━━━━━ Input records ━━━━━
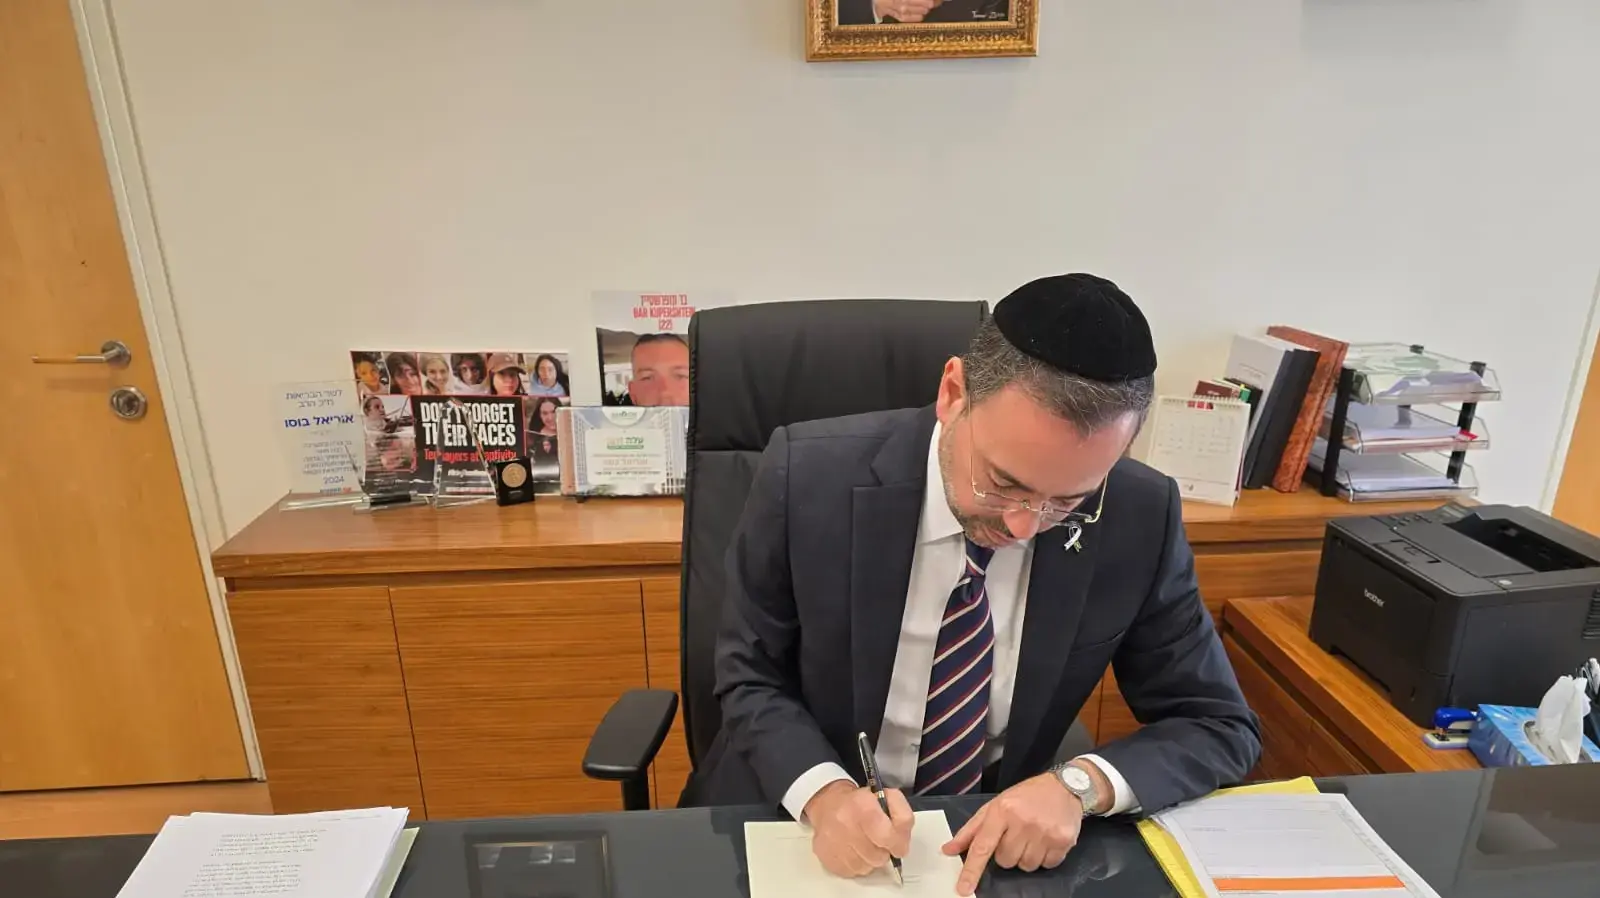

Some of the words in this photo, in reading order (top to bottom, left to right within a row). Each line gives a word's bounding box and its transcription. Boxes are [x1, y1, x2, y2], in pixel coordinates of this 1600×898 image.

[633, 307, 648, 318] BAR
[285, 418, 310, 428] בוסו
[313, 414, 354, 425] אוריאל
[484, 449, 517, 462] aptivity
[323, 476, 344, 484] 2024
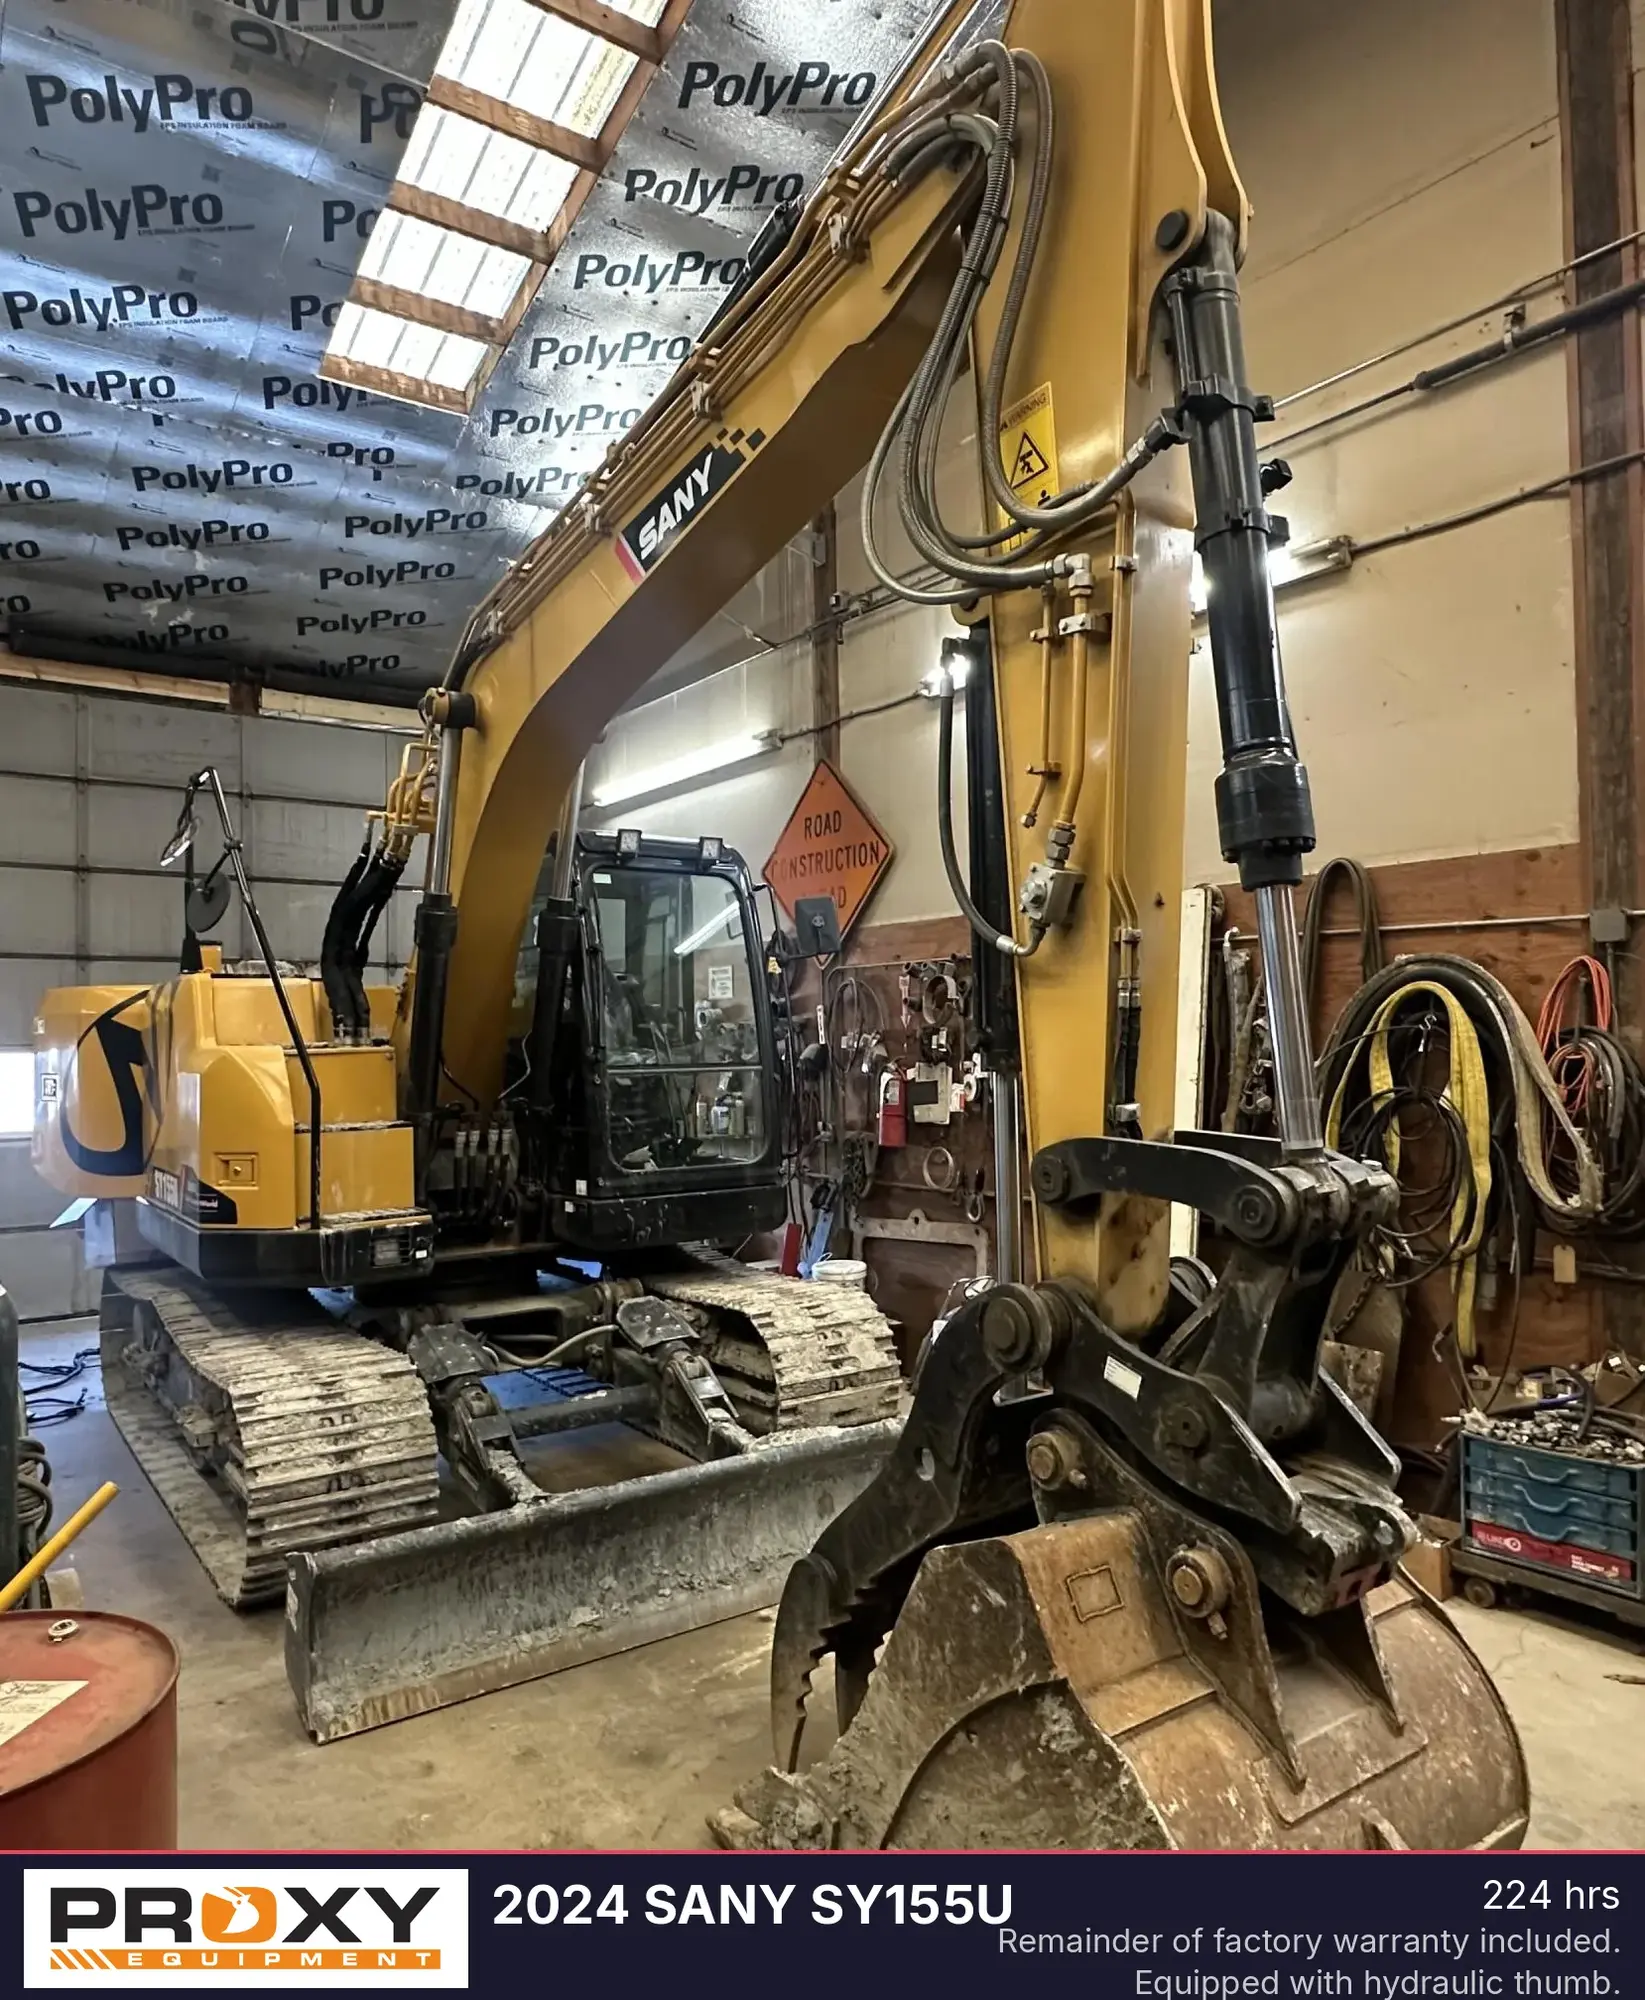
━━━━━
:: Task goal ::
Without the pictures, retype each line of the records above exactly.

:: Written response ::
Some of the words in this photo, in reading order (top to bottom, left to right within a row). Each line gives a word's bounding box and its transcription. Boxes are [x1, y1, x2, y2], in pixel coordinates of this 1600×898 image.

[633, 307, 648, 318] BAR
[285, 418, 310, 428] בוסו
[313, 414, 354, 425] אוריאל
[484, 449, 517, 462] aptivity
[323, 476, 344, 484] 2024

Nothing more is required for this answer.